Para profundizar en estos avances, conversamos con Miguel González, Jefe de Óptica del Grupo Meister, quien reveló cómo la tecnología de vanguardia y los procesos de laboratorio propios están permitiendo soluciones que antes parecían de ciencia ficción.
Uno de los pilares de la charla fue la evolución de los lentes progresivos, comúnmente conocidos como multifocales. González explicó que, a diferencia de los diseños antiguos, los actuales se basan estrictamente en la fisiología de la visión.
«Hoy tenemos diseños como el “EyeLens”, generado por Inteligencia Artificial, que trabaja con algoritmos matemáticos que mutan para encontrar el diseño perfecto según el historial de datos», señaló.
Esta tecnología permite que el ojo humano, que enfoca objetos de lejos a cerca en milésimas de segundo, no sienta el salto entre graduaciones, logrando una adaptación del 100%.
González aclaró la confusión terminológica: mientras que «multifocal» se aplica técnicamente más a lentes de contacto por sus anillos concéntricos, el término «progresivo» es el adecuado para anteojos, ya que la potencia cambia de forma fluida desde la parte superior (visión lejana) hasta la inferior (lectura).
EL VALOR DE LA ATENCIÓN PRESENCIAL FRENTE AL MERCADO ONLINE
Un punto crítico fue la advertencia sobre la compra de lentes por internet. El experto fue tajante: la óptica es un servicio de salud, no solo un accesorio de moda. «No podemos hacer un lente vía internet porque cada atención es personalizada», afirmó.
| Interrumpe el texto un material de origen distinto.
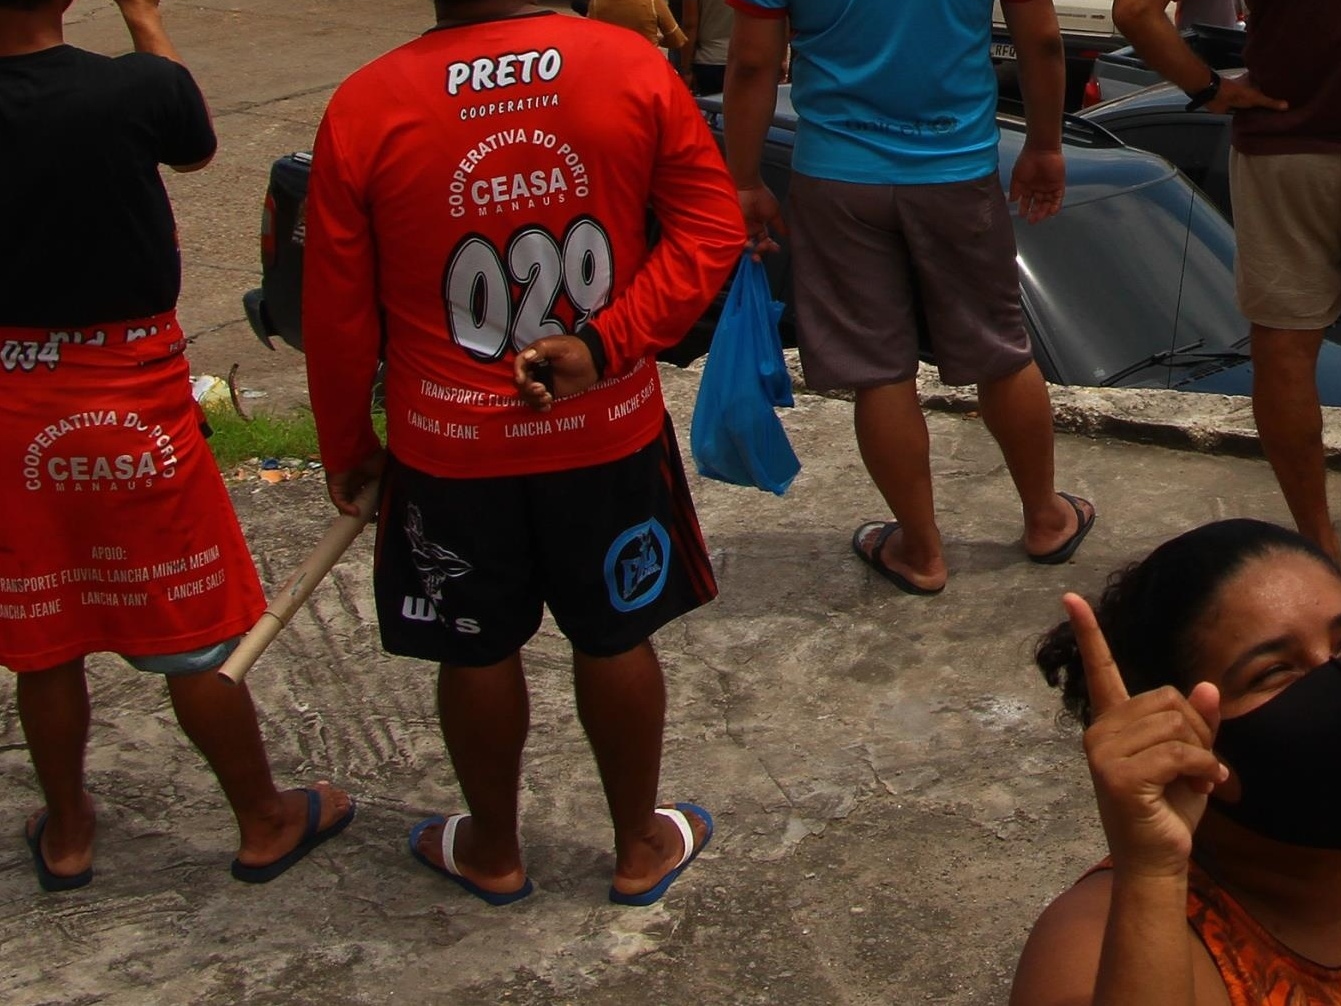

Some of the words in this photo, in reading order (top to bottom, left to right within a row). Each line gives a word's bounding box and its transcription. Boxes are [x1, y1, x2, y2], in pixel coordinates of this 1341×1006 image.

Para que un lente progresivo funcione, se requieren medidas precisas que solo un asesor capacitado puede tomar en persona:
Distancia pupilar: Para alinear el centro óptico con el eje del ojo.
Altura: Medida desde la pupila hasta el borde inferior del marco elegido.
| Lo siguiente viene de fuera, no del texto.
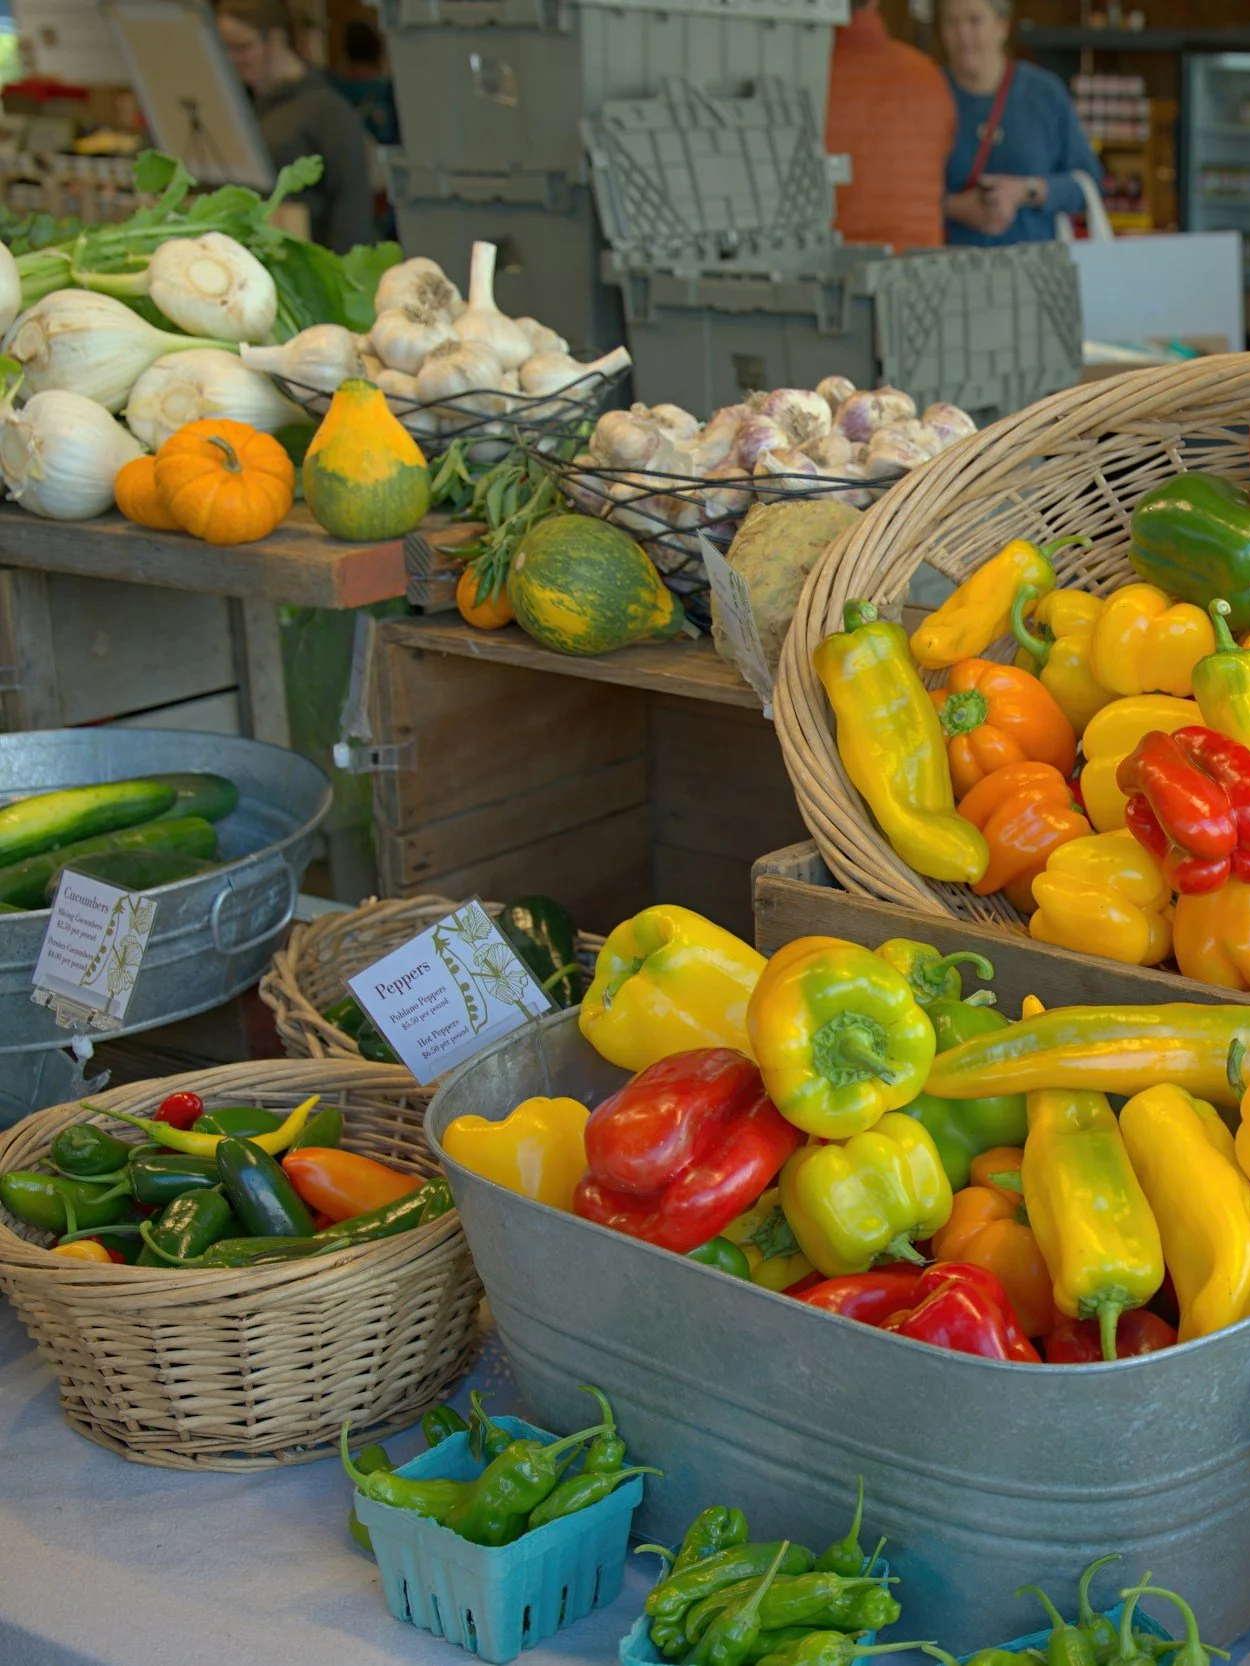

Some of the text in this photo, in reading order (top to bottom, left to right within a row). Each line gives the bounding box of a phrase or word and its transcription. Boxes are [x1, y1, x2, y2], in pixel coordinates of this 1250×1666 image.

[64, 886, 110, 914] Cucumbers
[70, 927, 80, 936] per
[79, 930, 97, 942] pound
[75, 913, 102, 931] Cucumbers
[61, 956, 71, 965] per
[70, 960, 88, 971] pound
[374, 961, 431, 1000] Peppers
[389, 986, 447, 1024] Poblano Peppers
[401, 997, 449, 1030] $5.50 per pound
[416, 1020, 460, 1048] Hot Peppers
[422, 1026, 470, 1059] $6.50 per pound
Elección del armazón: Un marco muy grande o apretado puede arruinar la efectividad de un cristal de alta tecnología.
LABORATORIO PROPIO Y SOLUCIONES INMEDIATAS
Para responder a la demanda de un mundo que no se detiene, Grupo Meister ha implementado el servicio Meister Express. Gracias a que cuentan con laboratorio de fabricación propio en su Casa Central de Ingavi, pueden entregar lentes monofocales en tan solo 30 minutos. Este servicio ya está activo en sucursales estratégicas como Ingavi, Fernando de la Mora, Mariano Roque Alonso y Cnel. Oviedo.
MATERIALES, MANTENIMIENTO Y EL MITO DEL «VIDRIO DE BOTELLA»
González también abordó la evolución de los materiales. Atrás quedaron los tiempos de los cristales pesados y peligrosos. Hoy se utilizan polímeros como el policarbonato (ideal para niños y seguridad industrial por su resistencia a impactos) y materiales de alto índice (1.60), que permiten que personas con graduaciones elevadas tengan lentes delgados y estéticos.
Incluso en el ámbito de los lentes de contacto, la innovación ha permitido el uso de materiales hidrofílicos que «respiran», permitiendo el paso del oxígeno a la córnea y evitando la sequedad severa.
Finalmente, el profesional compartió una guía definitiva para el cuidado de los cristales, advirtiendo que el mayor enemigo es el polvo:
Nunca limpiar en seco: El polvo, aunque sea microscópico, actúa como lija.
Lavado correcto: Usar agua del grifo y jabón neutro (bajo pH). Evitar detergentes de cocina o alcoholes que degradan los tratamientos antirreflejo.
Secado: Utilizar papel tisú (pañuelito) para absorber el agua sin frotar, y terminar con un paño de microfibra limpio.